§ **What is needed**:
Please give again every entry exactly as it appears, setting aside the pictures.

§ **Extracted data**:
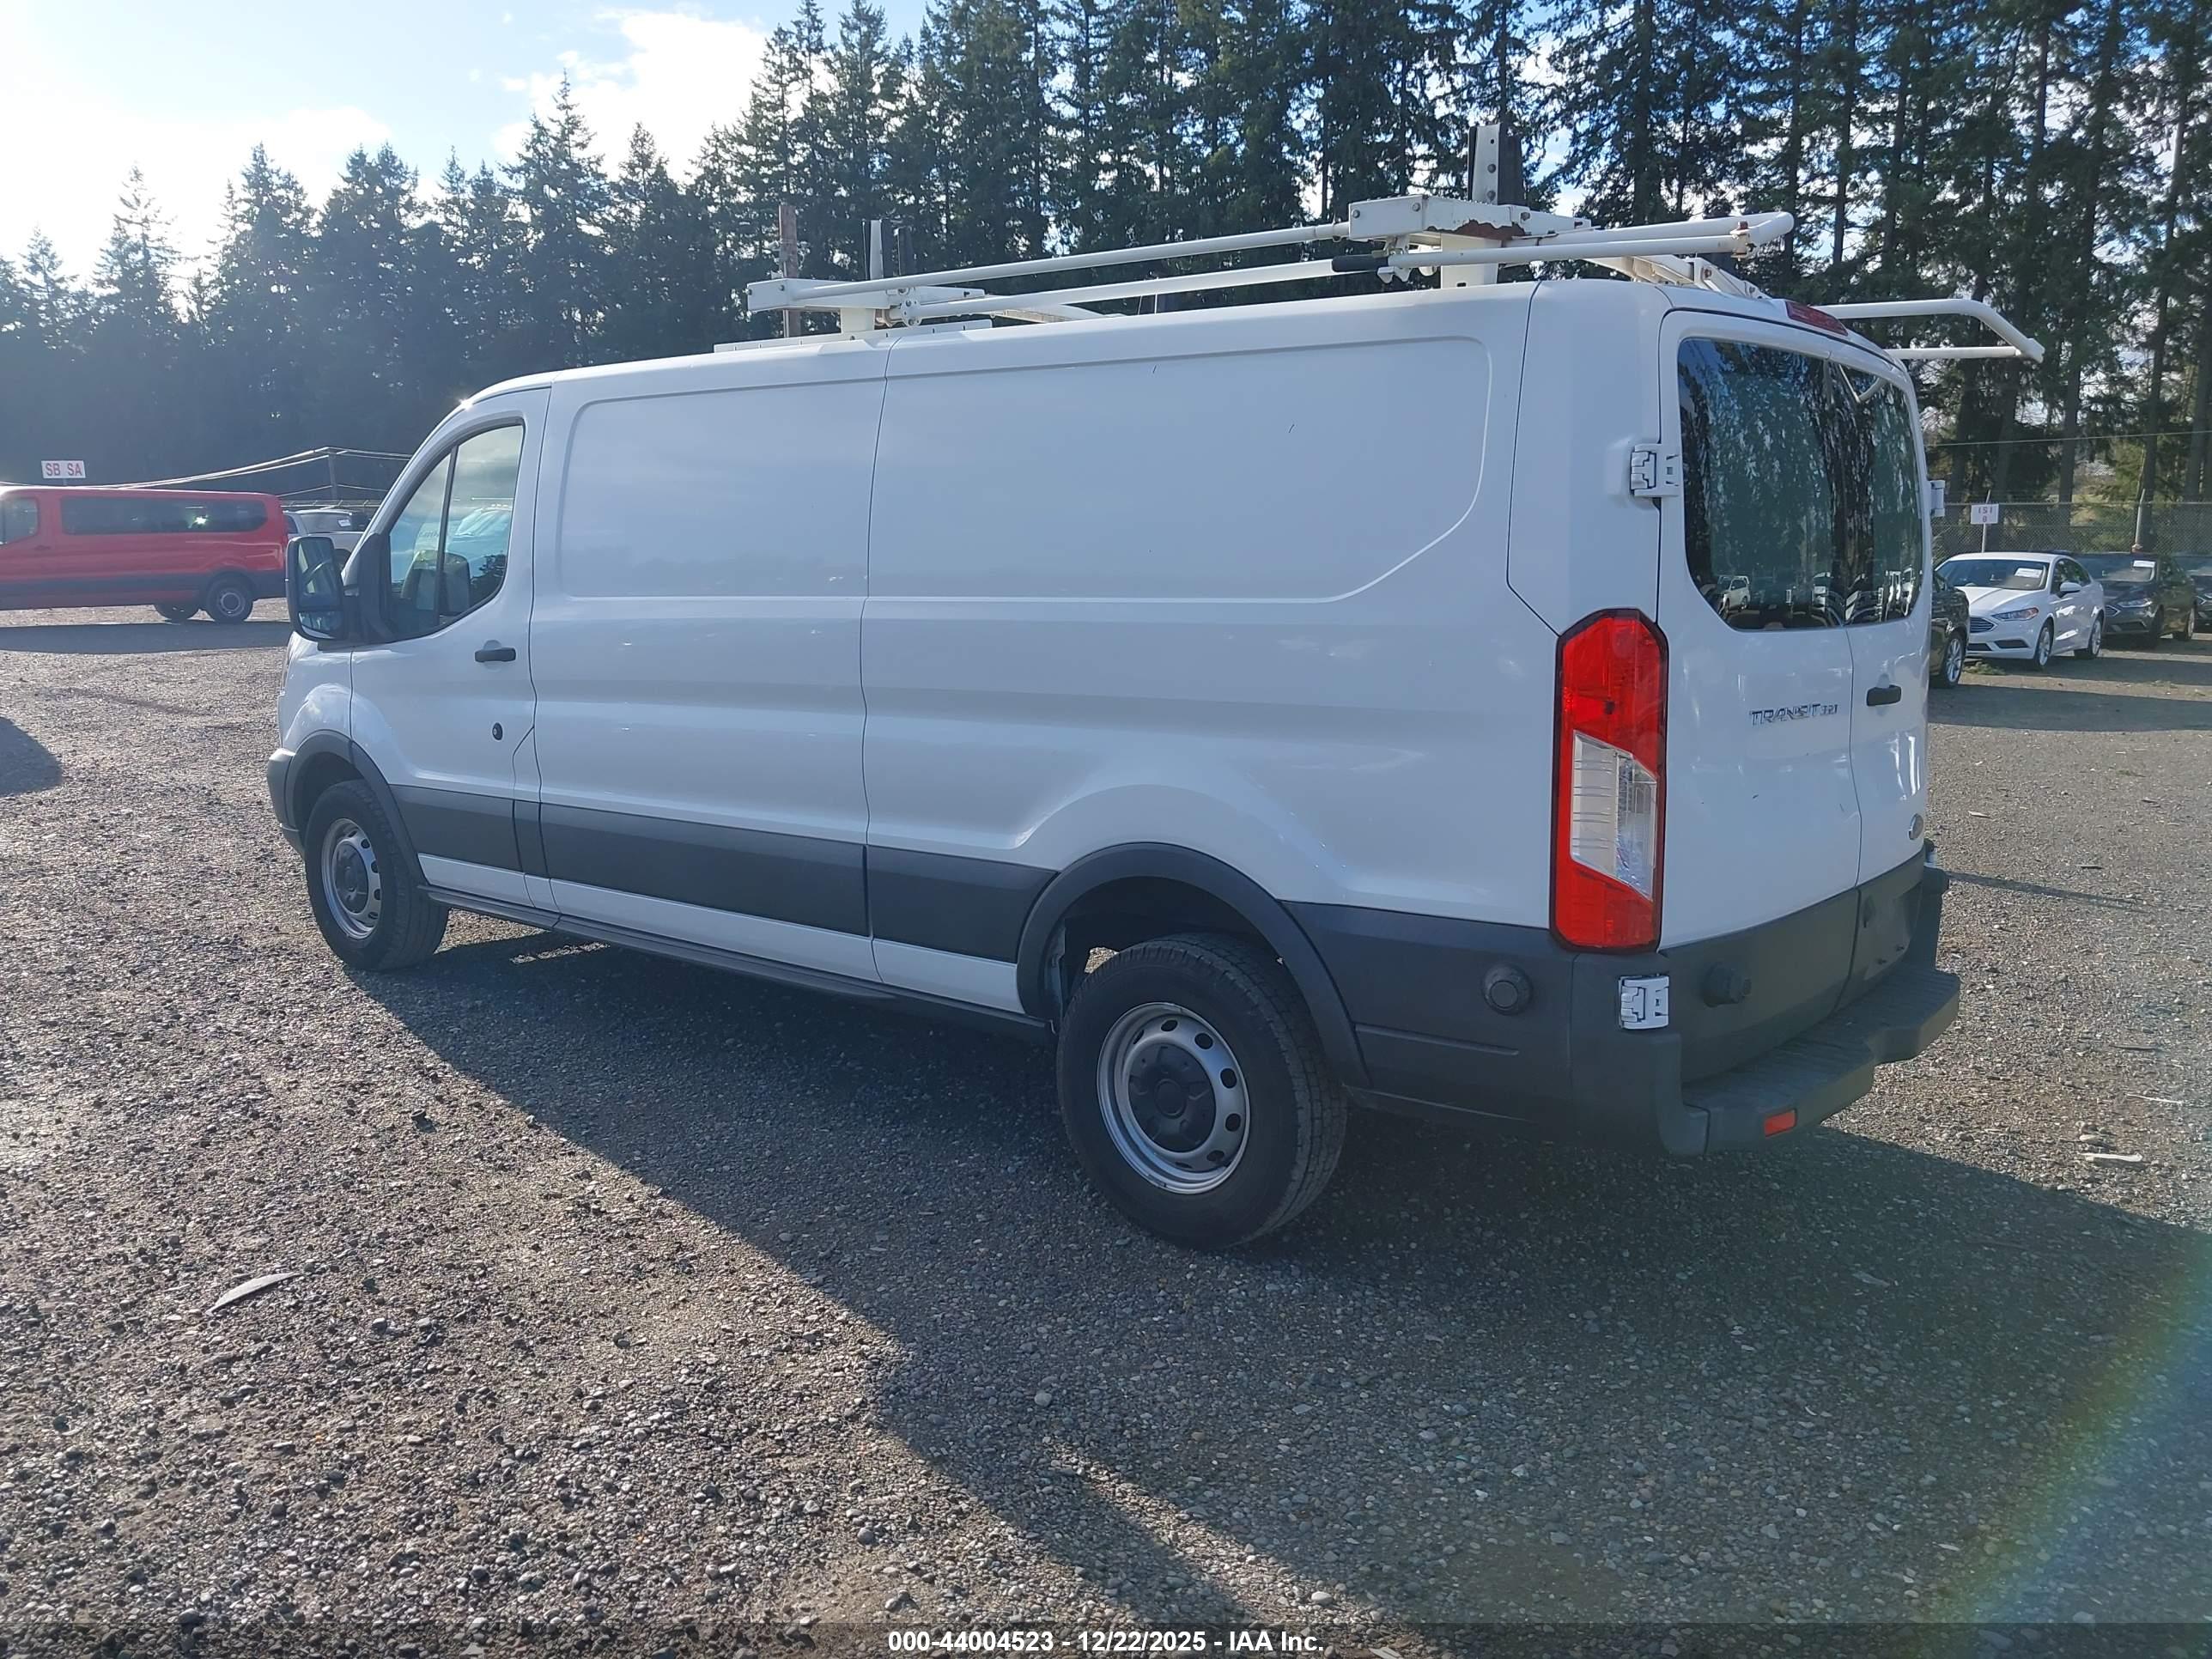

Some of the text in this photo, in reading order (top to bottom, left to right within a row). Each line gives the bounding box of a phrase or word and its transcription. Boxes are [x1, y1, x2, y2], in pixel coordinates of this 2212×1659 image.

[46, 463, 83, 477] SB SA
[1750, 703, 1821, 726] TRANSIT
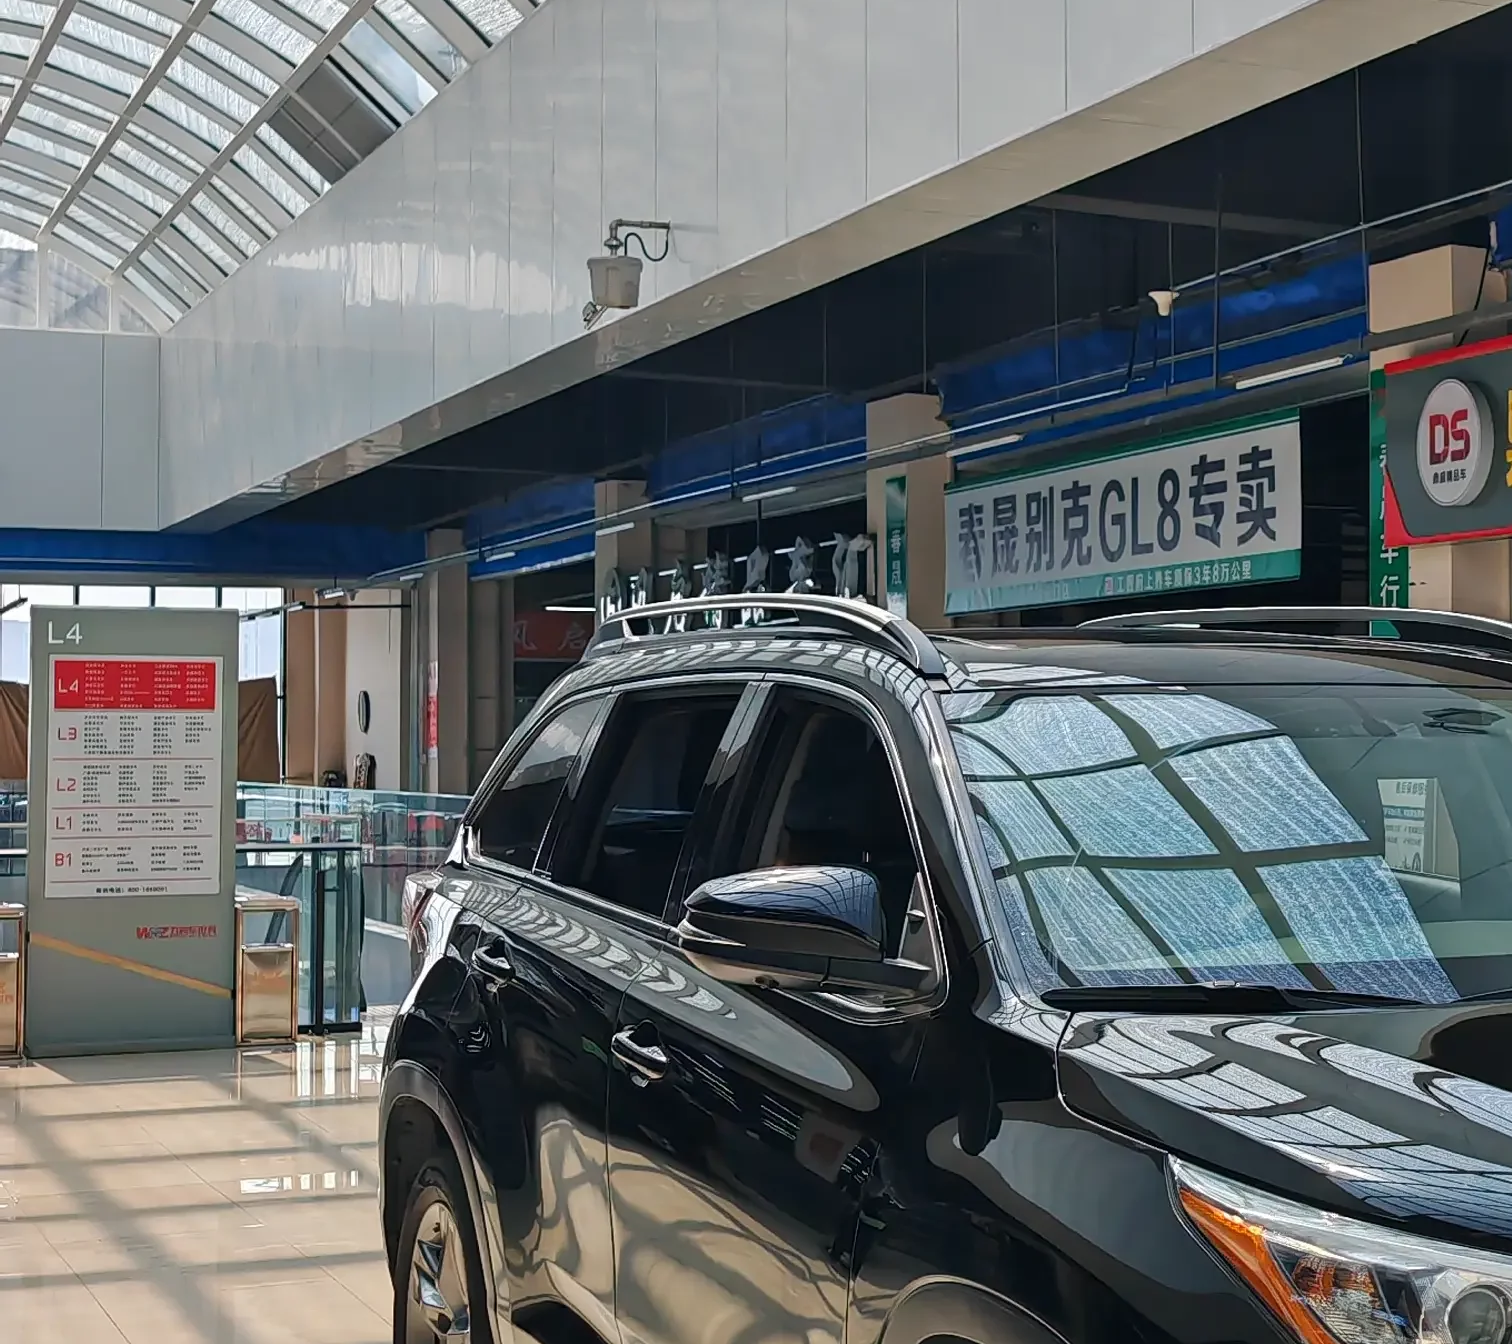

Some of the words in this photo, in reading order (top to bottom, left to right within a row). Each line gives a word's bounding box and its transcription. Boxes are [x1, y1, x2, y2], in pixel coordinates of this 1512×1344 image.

[1429, 408, 1471, 466] DS
[47, 621, 83, 645] L4
[57, 678, 79, 694] L4
[57, 726, 78, 741] L3
[56, 777, 77, 792] L2
[55, 815, 73, 830] L1
[54, 852, 73, 868] B1
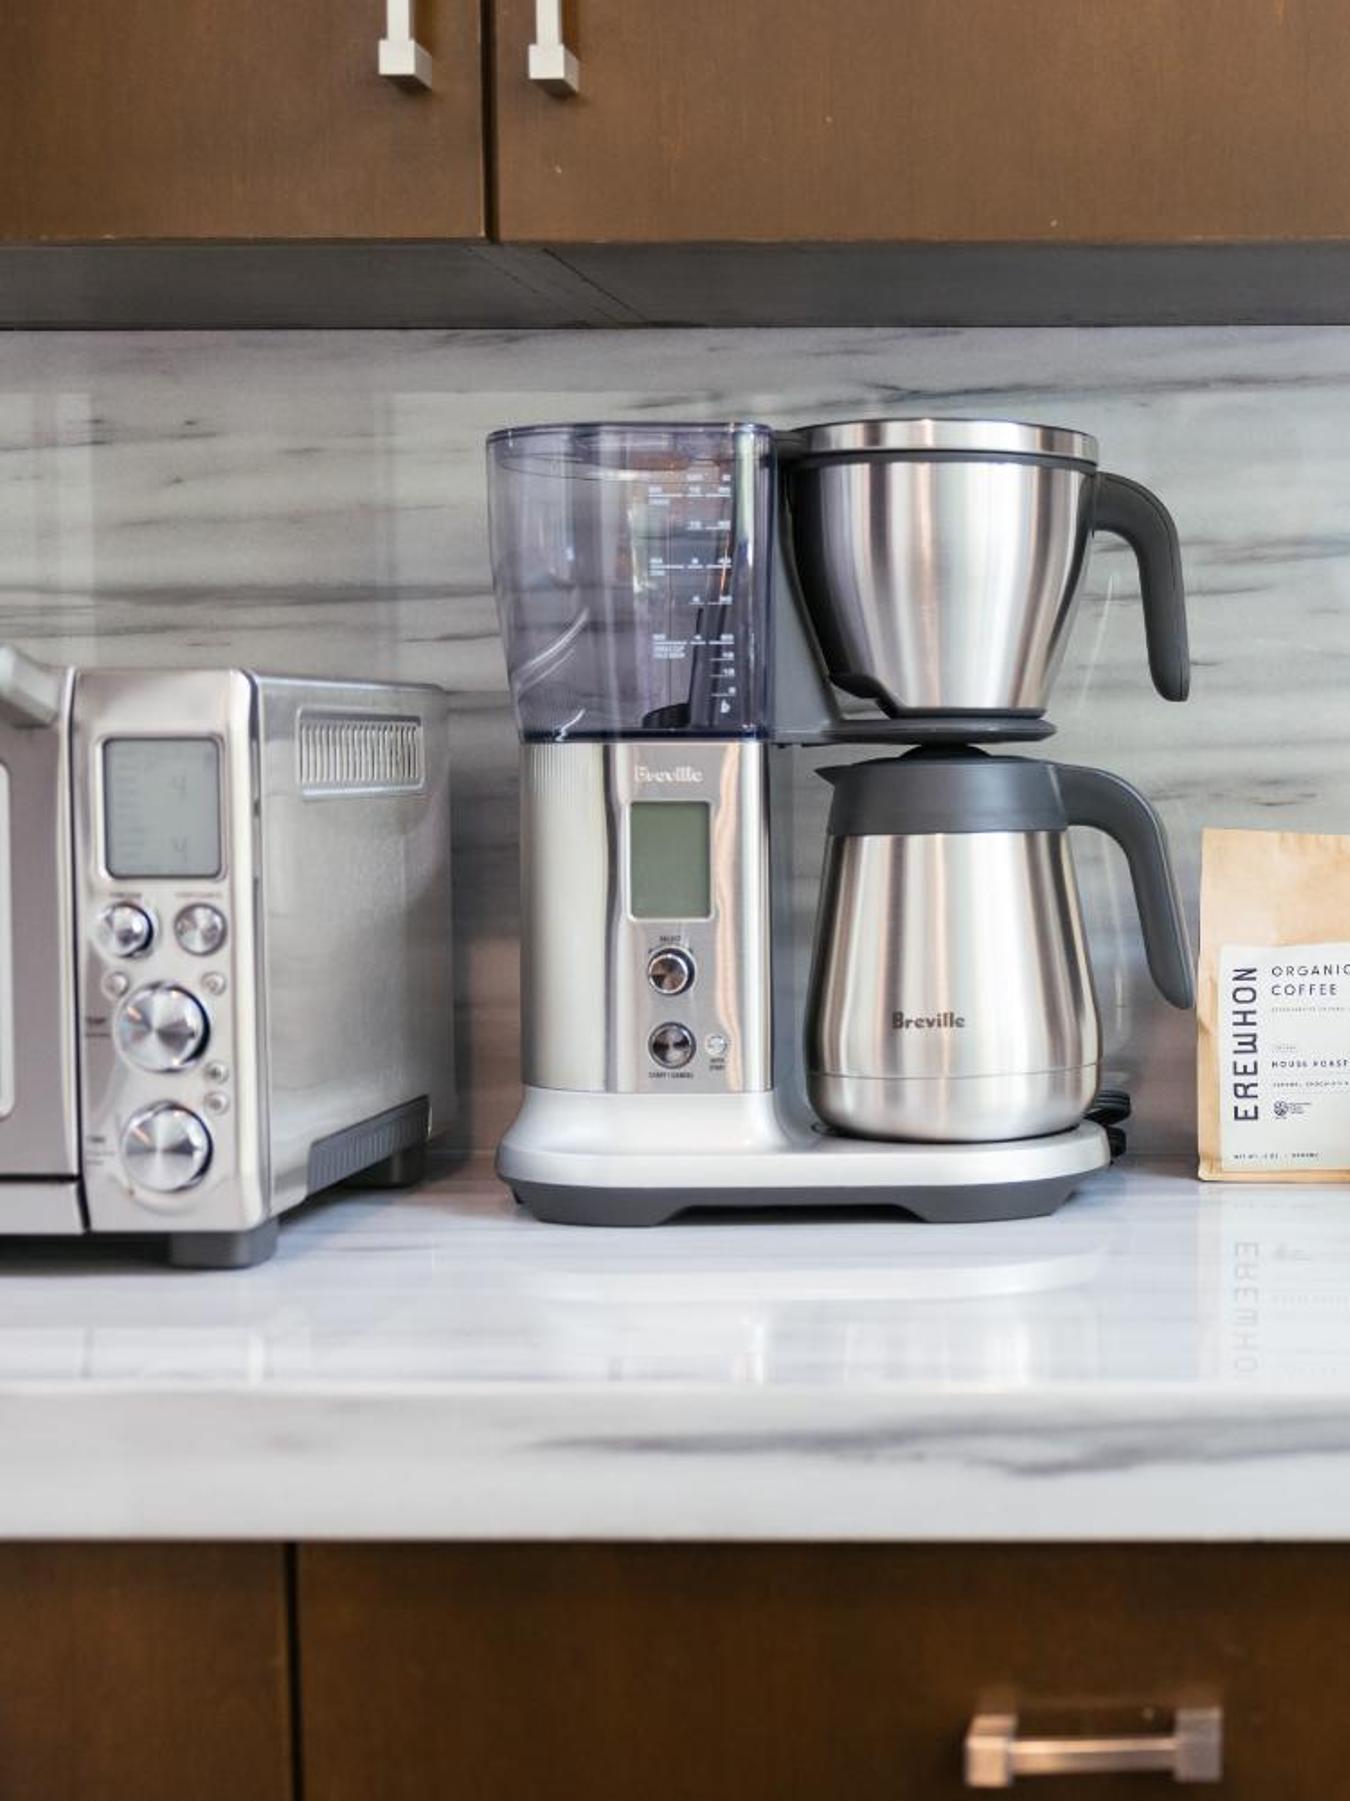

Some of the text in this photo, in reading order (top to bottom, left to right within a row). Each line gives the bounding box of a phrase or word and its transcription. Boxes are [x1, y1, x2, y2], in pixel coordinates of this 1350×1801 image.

[634, 766, 703, 783] Breville
[1271, 982, 1339, 997] COFFEE
[892, 1011, 966, 1029] Breville
[1231, 967, 1260, 1122] EREWHON
[1271, 1059, 1309, 1069] HOUSE

§ **Answer section**:
Some of the text in this photo, in reading order (top to bottom, left to right within a row). Each line gives the bounding box of a phrase or word and its transcription. Boxes are [x1, y1, x2, y2], in pixel coordinates of this 2212×1659 image.

[46, 463, 83, 477] SB SA
[1750, 703, 1821, 726] TRANSIT

Some of the words in this photo, in reading order (top to bottom, left to right within a row). Each line gives a word's bounding box and its transcription. Boxes are [x1, y1, x2, y2], in pixel coordinates of this 1512×1344 image.

[1429, 408, 1471, 466] DS
[47, 621, 83, 645] L4
[57, 678, 79, 694] L4
[57, 726, 78, 741] L3
[56, 777, 77, 792] L2
[55, 815, 73, 830] L1
[54, 852, 73, 868] B1

Some of the text in this photo, in reading order (top to bottom, left to right within a row). Each line gives the bounding box of a phrase or word and its transcription. Boxes are [x1, y1, x2, y2], in pixel coordinates of this 1350×1801 image.

[634, 766, 703, 783] Breville
[1271, 982, 1339, 997] COFFEE
[892, 1011, 966, 1029] Breville
[1231, 967, 1260, 1122] EREWHON
[1271, 1059, 1309, 1069] HOUSE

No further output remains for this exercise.